Image construction basis
If the lifeline represents an object, it represents a character. Leave the instance name blank to represent an anonymous, unnamed instance.
Messages are shown by horizontal arrows with the name of the message, solid arrows represent synchronous calls, and open arrows represent asynchronous messages. Dotted lines represent reply messages. If the caller sends a synchronous message, it must wait until the message is completed before proceeding to the next step; if it sends an asynchronous message, it can continue its processing without waiting for a response.
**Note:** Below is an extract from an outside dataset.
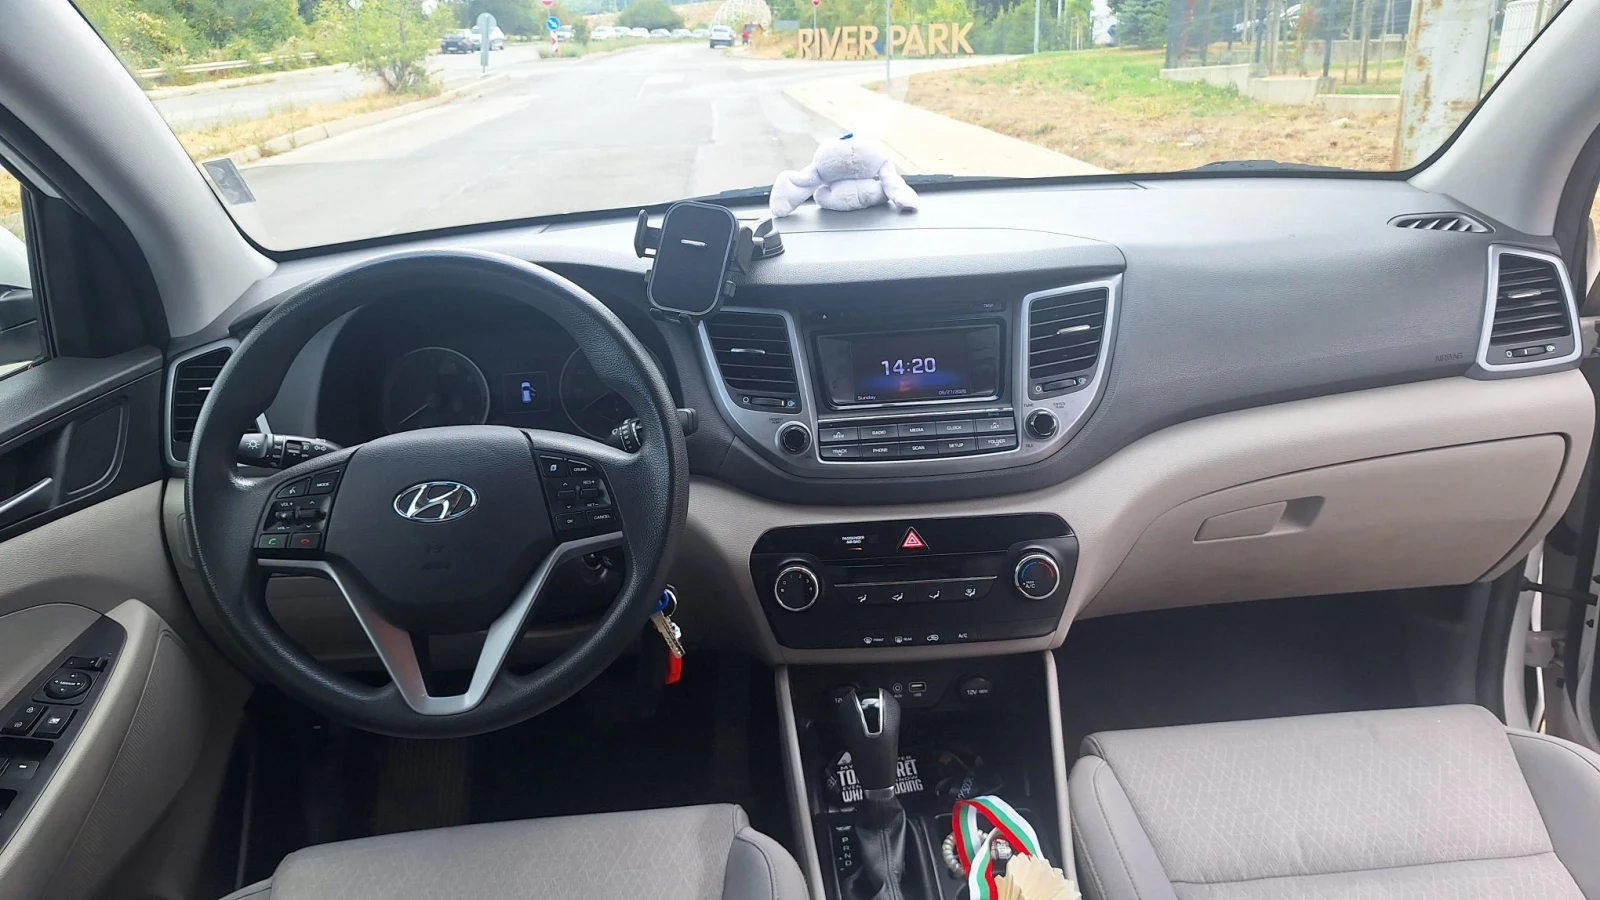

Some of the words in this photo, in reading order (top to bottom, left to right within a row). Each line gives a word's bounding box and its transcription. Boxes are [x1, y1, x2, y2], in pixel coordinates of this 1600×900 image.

Asynchronous calls are common in multi-threaded applications, event-driven applications, and message-based middleware.
Advanced interactive snippets
The startup box or method call box is an opaque rectangle drawn on the lifeline, which represents the process executed according to the message. If an object is destroyed (removed from memory), an X is drawn below the lifeline, and no dotted line is drawn below it. This should be triggered by some message, either from the object itself, or a call from another object.
UML has made important improvements to the capabilities of sequence diagrams. These improvements are based on the concept of interaction fragments, which represent smaller parts within a closed interaction and can represent parallel execution, conditional branches, and optional interactions.
Understand the necessity of sequence diagrams
With the continuous advancement of information technology and the evolution of use cases, the application of system sequence diagrams has become increasingly widespread. They are not only communication tools between technicians, but also the key to understanding how the system operates, helping developers, users and management to reach a consensus. Facing increasingly complex system structures, should we rethink how to use these graphical tools to better understand and develop our software products?